Remember, our attitudes about stress and burnout in general sometimes make it difficult to make changes. However, one important point to remember is that with support and encouragement from others, most of us can learn to make positive changes in our attitudes and behavior.
You might find it helpful to have a discussion among co-workers about bereavement caregiver burnout. Identify your own signs and symptoms of burnout. Discuss individual and group approaches to self-care that will help you enjoy both work and play!
· Recognize you are working in an area of care where there is a high risk for burnout. While helping other people has its rewards, it also has its dangers. Keeping yourself aware that you are "at-risk" for burnout will help keep you from denying the existence of stress-related signs and symptoms.
· Create periods of rest and renewal. The quickest way to burnout is by spreading yourself too thin – trying to help too many people or taking on too many tasks. Learn to respect both your mind and body’s need for periods of rest after helping other people.
· Be compassionate with yourself about not being perfect. After all, none of us are! As people who like to help others, we may think our helping efforts should always be successful. Some people will reject your help while others will be invested in minimizing the significance of your help. This is particularly true where many survivors like to see themselves as "being strong." Also remind yourself that mistakes are an integral part of learning and growth, but are not reflections of your self-worth.
· Practice setting limits and alleviating stresses you can do something about. Work to achieve a clear sense of expectations and set realistic deadlines. Enjoy what you do accomplish in helping others, and do not berate yourself for what is beyond you.
· Learn effective time-management skills. Set practical goals for how you spend your time. Don’t allow time to become an enemy. When working on projects remember Pareto’s principle: 20 percent of what you do nets 80 percent of your results.
· Work to cultivate a personal support system. A close personal friend can be a real lifesaver when it comes to managing stress and preventing burnout. If you have already reached the crisis state of burnout, realize you may well need to help of others in making lifestyle changes. Many caregivers have trouble asking for help. If this is the case for you, practice giving yourself permission to seek outside support. Remember, recent research has demonstrated that human companionship and connectedness helps you live longer.
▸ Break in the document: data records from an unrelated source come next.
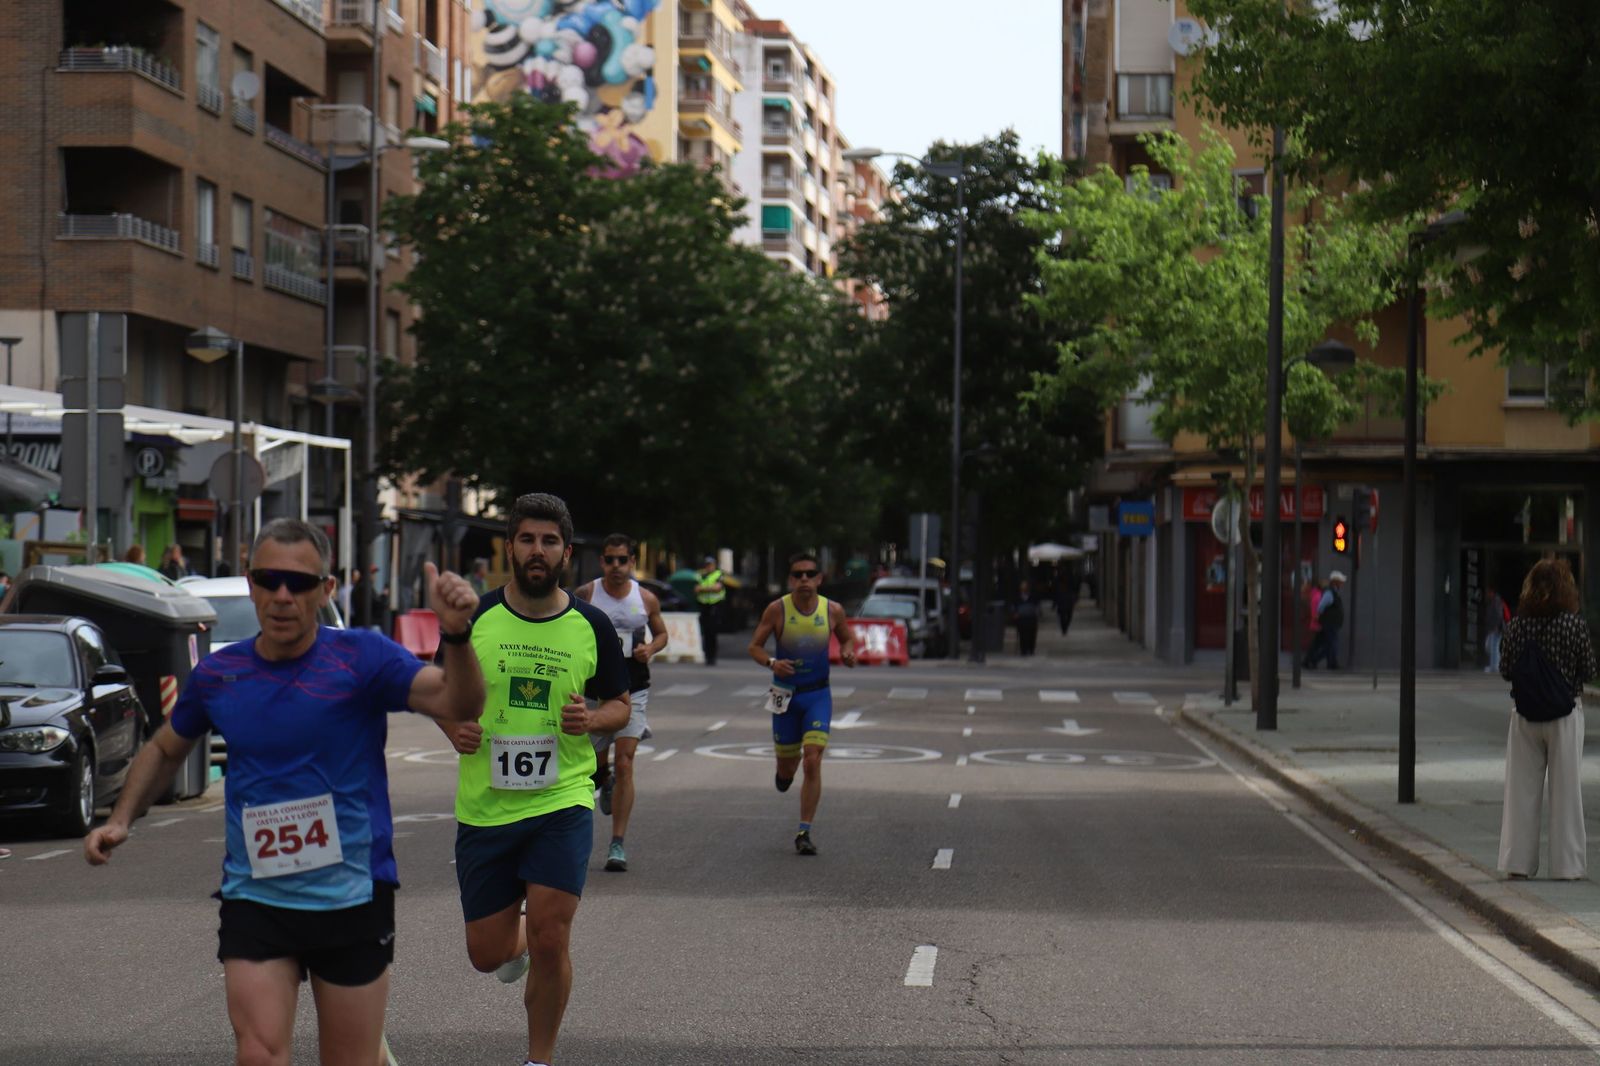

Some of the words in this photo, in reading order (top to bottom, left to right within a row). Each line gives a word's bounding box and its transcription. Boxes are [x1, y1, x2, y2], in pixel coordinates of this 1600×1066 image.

[522, 644, 542, 652] Media
[544, 647, 572, 659] Maratón
[527, 701, 548, 709] RURAL
[541, 737, 554, 745] LEÓN
[498, 751, 551, 777] 167
[257, 810, 267, 818] DE
[269, 808, 279, 816] LA
[280, 799, 329, 814] COMUNIDAD
[256, 815, 290, 826] CASTILLA
[297, 809, 319, 819] LEÓN
[254, 818, 329, 859] 254
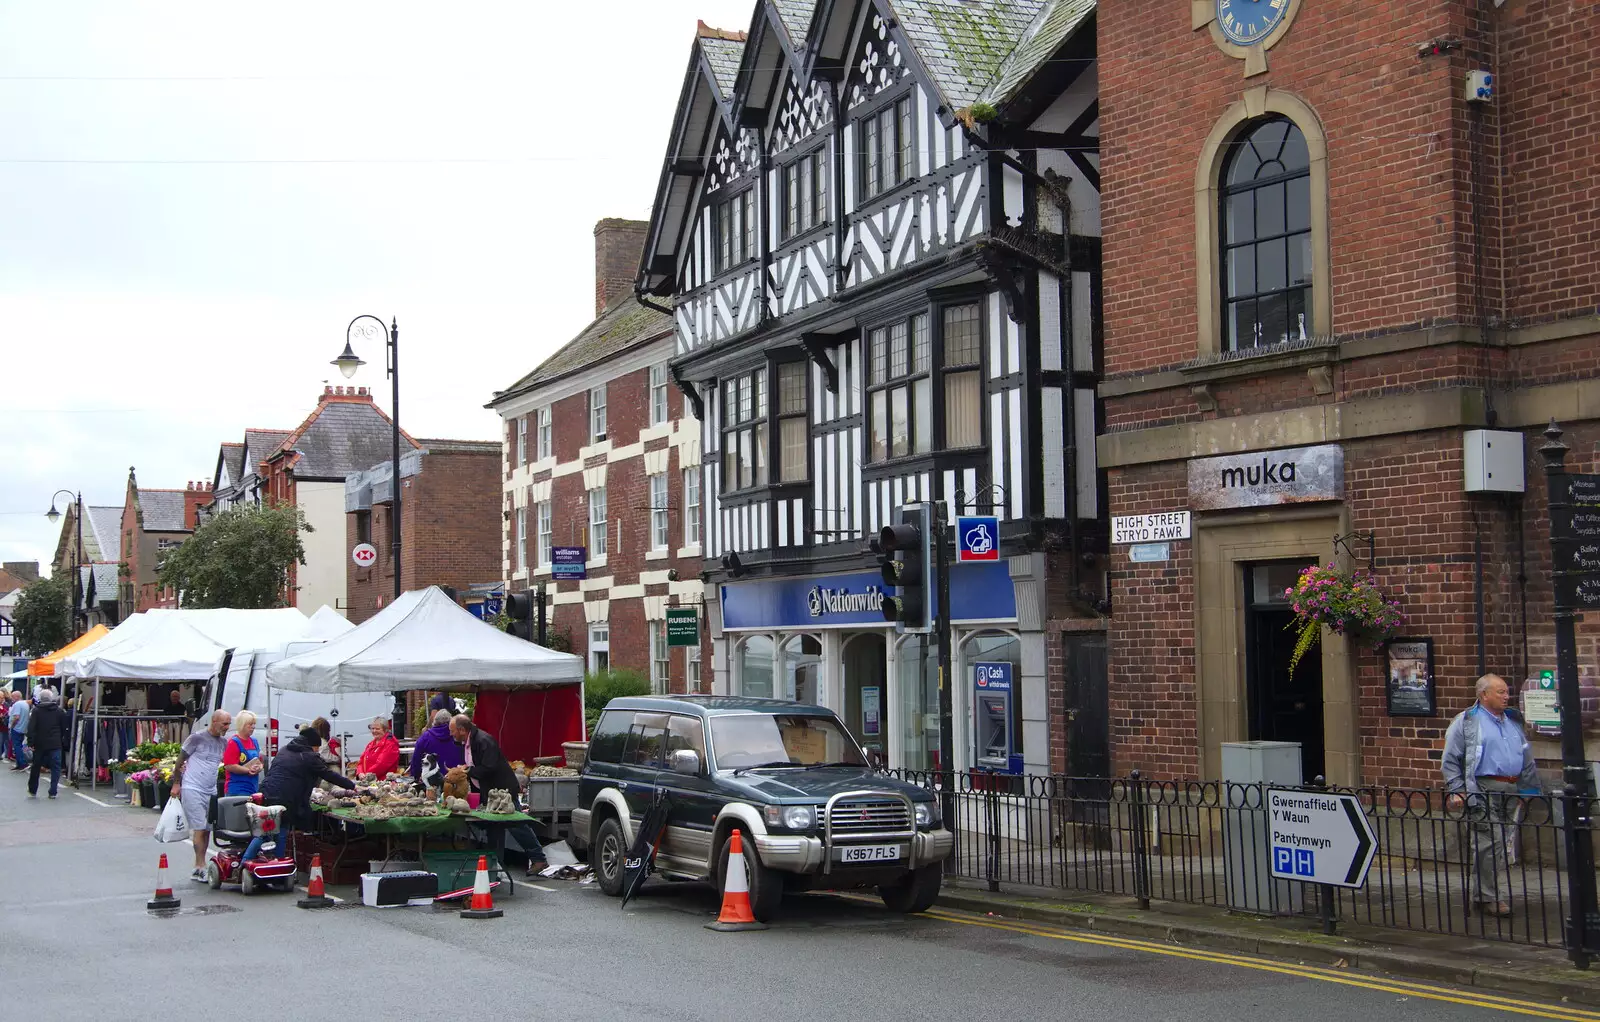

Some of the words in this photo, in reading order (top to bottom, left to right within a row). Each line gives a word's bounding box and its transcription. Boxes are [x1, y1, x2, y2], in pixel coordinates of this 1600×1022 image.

[1221, 458, 1296, 488] muka
[1250, 486, 1267, 496] HAIR
[1269, 483, 1297, 494] DESIGN
[1116, 516, 1143, 529] HIGH
[1147, 512, 1186, 527] STREET
[1116, 528, 1149, 542] STRYD
[1153, 526, 1182, 540] FAWR
[1580, 545, 1599, 554] Bailey
[1581, 558, 1596, 568] Bryn
[821, 585, 884, 613] Nationwide
[668, 616, 697, 624] RUBENS
[988, 666, 1004, 679] Cash
[989, 681, 1010, 689] withdrawals
[1272, 795, 1337, 812] Gwernaffield
[1272, 809, 1280, 821] Y
[1281, 810, 1310, 824] Waun
[1273, 831, 1332, 850] Pantymwyn
[846, 848, 874, 861] K967
[875, 847, 896, 859] FLS
[1278, 849, 1290, 871] P
[1297, 852, 1312, 874] H
· Express the personal you in both your work and play. Don’t be afraid to demonstrate your unique talents and abilities. Make time each day to remind yourself of what is important to you. Act on what you believe is important. If you only had three months to live what would you do? Use this question to help determine what is really important in the big picture of life and living.
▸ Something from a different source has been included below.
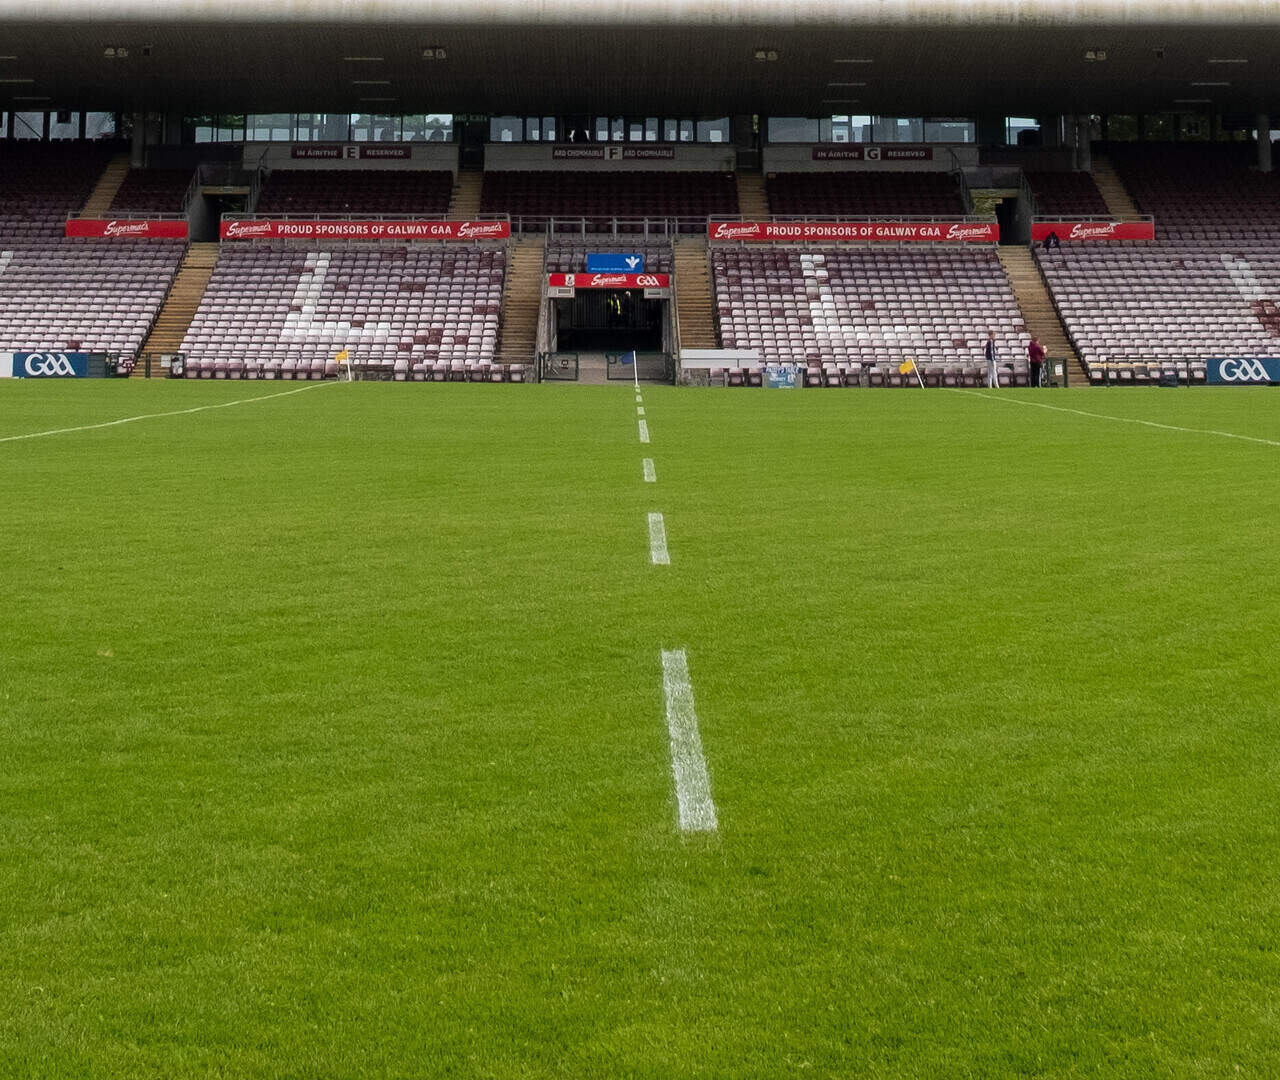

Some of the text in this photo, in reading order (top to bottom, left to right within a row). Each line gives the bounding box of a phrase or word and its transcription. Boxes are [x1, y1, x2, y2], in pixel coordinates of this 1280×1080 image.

· Work to understand your motivation to help others with grief. As caregivers, we strive to restore happiness to other people’s lives. Does your need to help others with grief relate in any way to your own unreconciled losses? If so, be certain not to use your counseling relationships to work on your own grief. Find trusted resources to help you work with any old and new losses.
· Develop healthy eating, sleeping, and exercise patterns. We are often aware of the importance of these areas for those we help; however, as caregivers we sometimes neglect them ourselves. A well-balanced diet, adequate sleep, and regular exercise allow for our own physical, mental, and emotional well-being.
· Strive to identify the unique ways in which your body informs you that you are stressed. Do you get tightness in the shoulders, backaches, headaches? Becoming conscious of how your body communicates stress signals to you allows for awareness of stressful situations before they overwhelm you. A constant state of physical tension often results in deterioration, which results in a physical breakdown.
Again, be aware that the above practical guidelines are not intended to be all-inclusive. This author suggests you and your colleagues develop your own list of how to prevent and work with bereavement caregiver burnout.
Each one of us has our own unique style of relating to the stress of living. Sometimes we manage that stress well, while at other times we need people who care about us to help us to acknowledge the potential of burnout. Hopefully, this article will assist you in assessing your own stress level, and, if appropriate, help you begin to make some changes.
There is no doubt in this author’s mind and heart that to help other human beings survive and actually grow during times of loss is a true privilege. Perhaps we can be proud that we want to help make a difference in people’s lives, while at the same time remembering the importance of taking care of ourselves as caregivers.
Caring about our life’s work, even enjoying it, will probably seem strange if we only see it as a way to make a living. However, if we can see our work as a way to enrich each moment of our living, we may well discover a deep caring within our souls that teaches us to learn and grow each and every day.